### Exercise prompt
Each line from the one containing "this 1600×1200 image." to the end of the entries is to be repeated exactly, and no other line.

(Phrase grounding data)
________________________

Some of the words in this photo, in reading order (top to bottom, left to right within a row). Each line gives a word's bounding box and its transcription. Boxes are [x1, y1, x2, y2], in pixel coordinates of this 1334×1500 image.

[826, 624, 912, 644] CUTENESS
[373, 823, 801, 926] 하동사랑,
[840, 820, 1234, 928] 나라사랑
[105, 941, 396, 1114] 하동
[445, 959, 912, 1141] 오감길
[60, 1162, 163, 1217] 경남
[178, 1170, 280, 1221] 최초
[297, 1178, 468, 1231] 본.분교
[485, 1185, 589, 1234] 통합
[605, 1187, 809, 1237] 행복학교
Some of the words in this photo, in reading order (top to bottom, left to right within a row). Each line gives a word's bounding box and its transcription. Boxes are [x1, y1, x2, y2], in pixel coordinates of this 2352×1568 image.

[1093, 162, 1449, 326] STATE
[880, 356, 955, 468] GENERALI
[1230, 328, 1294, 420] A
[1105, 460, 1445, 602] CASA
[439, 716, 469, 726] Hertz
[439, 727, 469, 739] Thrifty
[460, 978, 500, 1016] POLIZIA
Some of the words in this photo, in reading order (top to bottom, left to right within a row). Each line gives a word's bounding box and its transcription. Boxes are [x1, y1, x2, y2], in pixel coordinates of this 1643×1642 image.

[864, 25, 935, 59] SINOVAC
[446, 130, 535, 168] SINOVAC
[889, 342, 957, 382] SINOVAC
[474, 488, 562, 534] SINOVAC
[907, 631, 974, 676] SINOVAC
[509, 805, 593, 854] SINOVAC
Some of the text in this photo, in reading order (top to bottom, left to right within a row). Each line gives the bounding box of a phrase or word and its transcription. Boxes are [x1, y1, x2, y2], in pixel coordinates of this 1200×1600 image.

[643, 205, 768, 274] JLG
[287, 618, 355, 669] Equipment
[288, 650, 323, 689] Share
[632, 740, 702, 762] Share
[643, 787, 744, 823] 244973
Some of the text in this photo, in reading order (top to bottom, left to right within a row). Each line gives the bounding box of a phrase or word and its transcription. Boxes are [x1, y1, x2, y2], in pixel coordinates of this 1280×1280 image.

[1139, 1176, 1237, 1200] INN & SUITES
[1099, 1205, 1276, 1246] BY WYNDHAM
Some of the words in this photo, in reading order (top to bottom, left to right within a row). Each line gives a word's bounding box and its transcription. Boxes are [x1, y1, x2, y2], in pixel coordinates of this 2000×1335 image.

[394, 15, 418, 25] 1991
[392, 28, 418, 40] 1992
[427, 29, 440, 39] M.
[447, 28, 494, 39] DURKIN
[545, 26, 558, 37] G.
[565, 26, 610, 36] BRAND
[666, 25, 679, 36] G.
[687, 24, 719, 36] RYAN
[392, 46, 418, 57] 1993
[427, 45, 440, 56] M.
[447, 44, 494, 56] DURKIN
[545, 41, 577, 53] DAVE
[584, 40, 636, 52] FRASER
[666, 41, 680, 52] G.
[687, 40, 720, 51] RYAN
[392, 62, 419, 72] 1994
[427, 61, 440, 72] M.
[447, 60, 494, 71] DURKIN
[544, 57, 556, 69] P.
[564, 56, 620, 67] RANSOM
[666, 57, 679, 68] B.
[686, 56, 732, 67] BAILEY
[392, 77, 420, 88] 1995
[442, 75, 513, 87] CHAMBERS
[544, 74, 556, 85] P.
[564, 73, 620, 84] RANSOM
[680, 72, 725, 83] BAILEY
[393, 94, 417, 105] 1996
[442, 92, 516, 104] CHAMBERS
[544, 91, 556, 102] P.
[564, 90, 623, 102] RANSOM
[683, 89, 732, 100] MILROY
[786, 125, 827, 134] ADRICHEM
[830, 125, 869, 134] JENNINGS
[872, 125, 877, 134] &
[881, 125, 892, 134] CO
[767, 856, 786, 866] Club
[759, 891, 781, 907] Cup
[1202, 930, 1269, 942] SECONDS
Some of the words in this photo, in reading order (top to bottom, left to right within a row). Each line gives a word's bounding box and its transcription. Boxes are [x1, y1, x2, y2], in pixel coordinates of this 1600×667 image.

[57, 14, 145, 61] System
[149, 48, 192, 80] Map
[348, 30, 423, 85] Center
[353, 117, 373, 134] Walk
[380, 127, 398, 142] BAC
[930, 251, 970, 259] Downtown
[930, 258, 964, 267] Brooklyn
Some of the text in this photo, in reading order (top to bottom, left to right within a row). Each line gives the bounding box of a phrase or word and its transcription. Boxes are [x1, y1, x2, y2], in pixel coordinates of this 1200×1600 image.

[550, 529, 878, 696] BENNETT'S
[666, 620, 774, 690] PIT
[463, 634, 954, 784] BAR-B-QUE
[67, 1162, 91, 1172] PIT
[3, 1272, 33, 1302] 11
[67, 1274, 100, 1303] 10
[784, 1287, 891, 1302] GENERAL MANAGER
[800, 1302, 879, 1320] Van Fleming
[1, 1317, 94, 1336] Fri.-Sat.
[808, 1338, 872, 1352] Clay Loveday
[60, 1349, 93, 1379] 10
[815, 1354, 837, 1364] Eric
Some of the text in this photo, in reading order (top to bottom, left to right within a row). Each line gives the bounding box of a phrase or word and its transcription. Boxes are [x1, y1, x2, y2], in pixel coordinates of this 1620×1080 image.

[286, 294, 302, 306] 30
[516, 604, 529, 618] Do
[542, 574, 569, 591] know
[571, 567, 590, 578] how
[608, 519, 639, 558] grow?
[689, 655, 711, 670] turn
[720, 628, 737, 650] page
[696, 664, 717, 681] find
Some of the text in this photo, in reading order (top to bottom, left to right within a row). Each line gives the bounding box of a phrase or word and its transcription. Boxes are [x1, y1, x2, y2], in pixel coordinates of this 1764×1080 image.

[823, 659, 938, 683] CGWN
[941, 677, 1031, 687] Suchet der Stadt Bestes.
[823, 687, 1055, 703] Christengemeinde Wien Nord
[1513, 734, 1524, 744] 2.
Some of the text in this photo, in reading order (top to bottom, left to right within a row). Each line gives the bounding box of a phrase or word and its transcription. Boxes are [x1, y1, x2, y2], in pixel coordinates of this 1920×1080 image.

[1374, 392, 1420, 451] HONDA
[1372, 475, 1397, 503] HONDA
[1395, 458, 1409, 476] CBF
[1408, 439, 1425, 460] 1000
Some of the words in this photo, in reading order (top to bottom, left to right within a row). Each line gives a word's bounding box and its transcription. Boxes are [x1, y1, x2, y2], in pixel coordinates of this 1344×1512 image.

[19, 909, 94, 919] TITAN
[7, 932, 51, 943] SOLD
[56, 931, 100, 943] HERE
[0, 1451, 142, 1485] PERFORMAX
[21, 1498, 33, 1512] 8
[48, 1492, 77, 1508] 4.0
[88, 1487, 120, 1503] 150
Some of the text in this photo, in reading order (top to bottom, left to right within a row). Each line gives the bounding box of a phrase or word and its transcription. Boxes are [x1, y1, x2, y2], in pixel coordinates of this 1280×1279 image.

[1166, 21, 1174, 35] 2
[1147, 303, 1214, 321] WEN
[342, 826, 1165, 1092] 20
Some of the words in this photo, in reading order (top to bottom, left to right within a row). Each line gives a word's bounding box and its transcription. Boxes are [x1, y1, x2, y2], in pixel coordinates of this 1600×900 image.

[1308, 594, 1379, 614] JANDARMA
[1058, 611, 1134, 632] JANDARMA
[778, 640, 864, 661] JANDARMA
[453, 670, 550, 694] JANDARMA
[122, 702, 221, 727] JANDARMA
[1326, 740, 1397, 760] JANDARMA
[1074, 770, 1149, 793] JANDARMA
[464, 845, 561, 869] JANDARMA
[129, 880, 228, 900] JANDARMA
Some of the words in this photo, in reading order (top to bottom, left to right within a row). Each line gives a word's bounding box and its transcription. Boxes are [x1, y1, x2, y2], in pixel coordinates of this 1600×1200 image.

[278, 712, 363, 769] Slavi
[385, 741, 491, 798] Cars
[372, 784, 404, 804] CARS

________________________

### Response for this exercise
Some of the words in this photo, in reading order (top to bottom, left to right within a row). Each line gives a word's bounding box and its transcription. Boxes are [x1, y1, x2, y2], in pixel coordinates of this 1600×1200 image.

[278, 712, 363, 769] Slavi
[385, 741, 491, 798] Cars
[372, 784, 404, 804] CARS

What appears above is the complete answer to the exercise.